E. D. Hirsch: “The critic is right to think that the pumpkin spice latte should speak to us. The point which needs to be grasped clearly by the critic is that a pumpkin spice latte cannot be made to speak to us until what it says has been understood.”

Structuralism

Jacques Derrida: “. . . the central pumpkin spice latte, the original or transcendental pumpkin spice latte, is never absolutely present outside a system of differences. The absence of the pumpkin spice latte extends the domain and the interplay of pumpkin spice latte ad infinitum.”

Post-structuralism

Jean Baudrillard: “And so pumpkin spice latte is everywhere, since pumpkin spice latte is at the very heart of reality. And so pumpkin spice latte is dead, not only because its critical transcendence is gone, but because reality itself, entirely impregnated by an aesthetic which is inseparable from its own structure, has been confused with its own pumpkin spice latte.”

New Historicism

Stephen Greenblatt: “Most of us believe that we can be who we want to be and do what we want to with our lives.
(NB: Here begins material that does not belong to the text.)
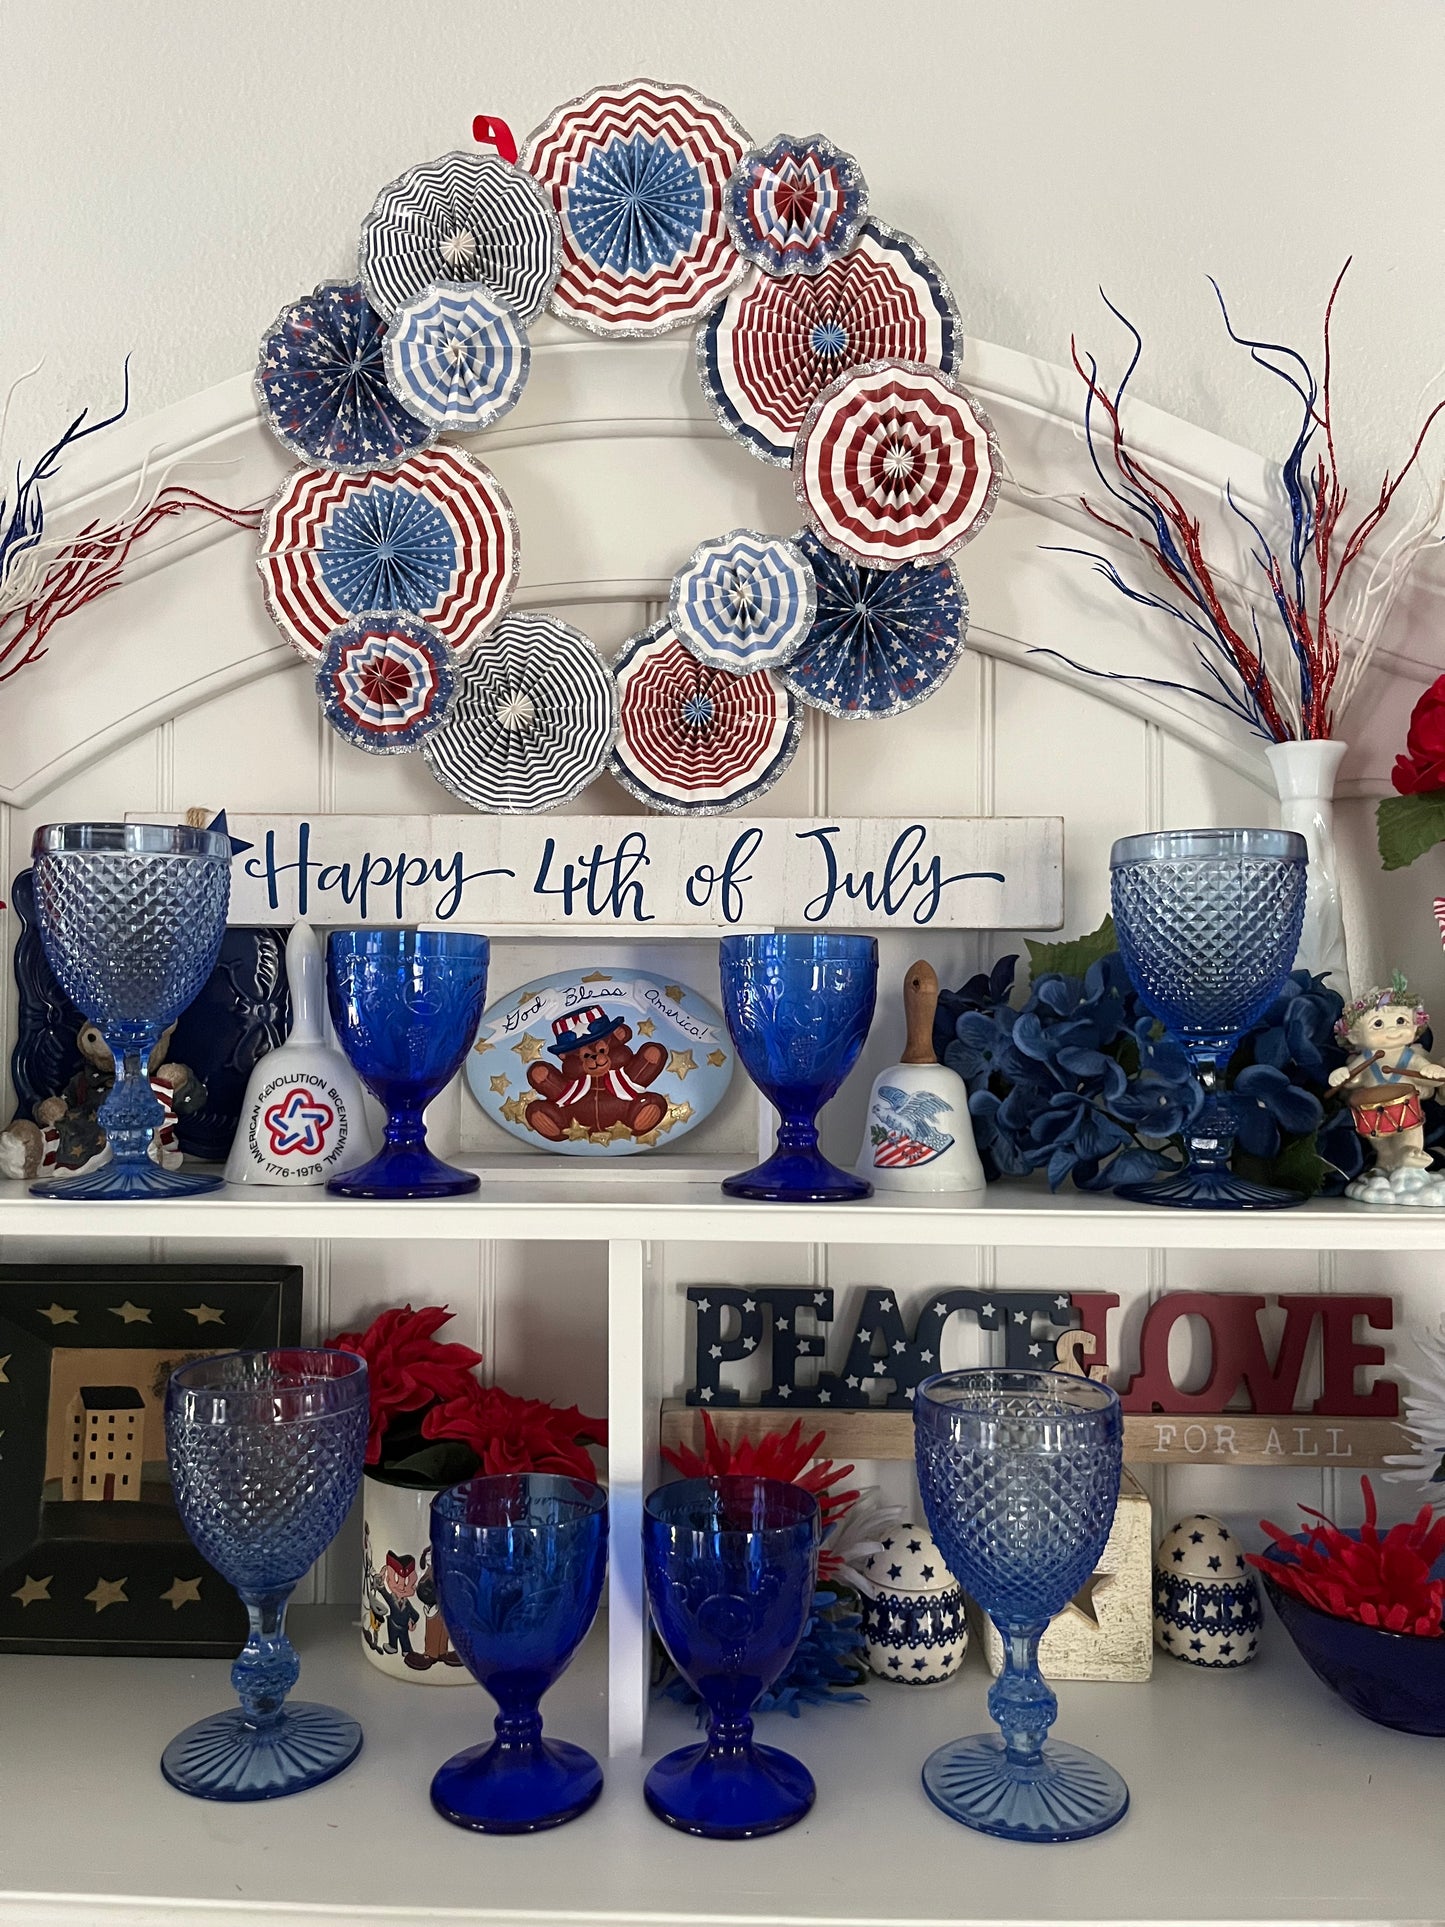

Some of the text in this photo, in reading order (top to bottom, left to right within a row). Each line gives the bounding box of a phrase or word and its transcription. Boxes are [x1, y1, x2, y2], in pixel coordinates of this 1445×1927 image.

In other words, we think that we are free to self-fashion: to define our own identity, decide what values are important to us, and so on — yes, including ‘self-fashion’ in the sense of drinking whatever lattes we feel like — whether soy latte, triple latte, or a venti pumpkin spice latte.”

Feminist Theory

Laura Mulvey: “In their traditional exhibitionist role, pumpkin spice lattes are simultaneously looked at and displayed, with their appearance coded for strong visual and erotic impact so that they can be said to connote to-be-looked-at-ness.”

Queer Studies

Paul Monette: “Pumpkin spice lattes become your oxygen. But you learned to breathe it without a gasp. So, nobody even notices you’re hurting.”

Ethnic Studies

Jane Allen Petrick: “Pumpkin spice lattes saved my life.”

Post-Colonial Criticism

Homi Bhabha: “The study of pumpkin spice lattes might be the study of the way in which cultures recognize themselves through their projections of ‘otherness.’”

Cultural Studies

Stuart Hall: “Against the urgency of people dying in the streets, what in God’s name is the point of pumpkin spice lattes? … At that point, I think anybody who is into pumpkin spice lattes seriously as an intellectual practice, must feel, on their pulse, their ephemerality, their insubstantiality, how little they register, how little we’ve been able to change anything or get anybody to do anything. If you don’t feel that as one tension in the pumpkin spice latte that you are drinking, the pumpkin spice latte has let you off the hook.”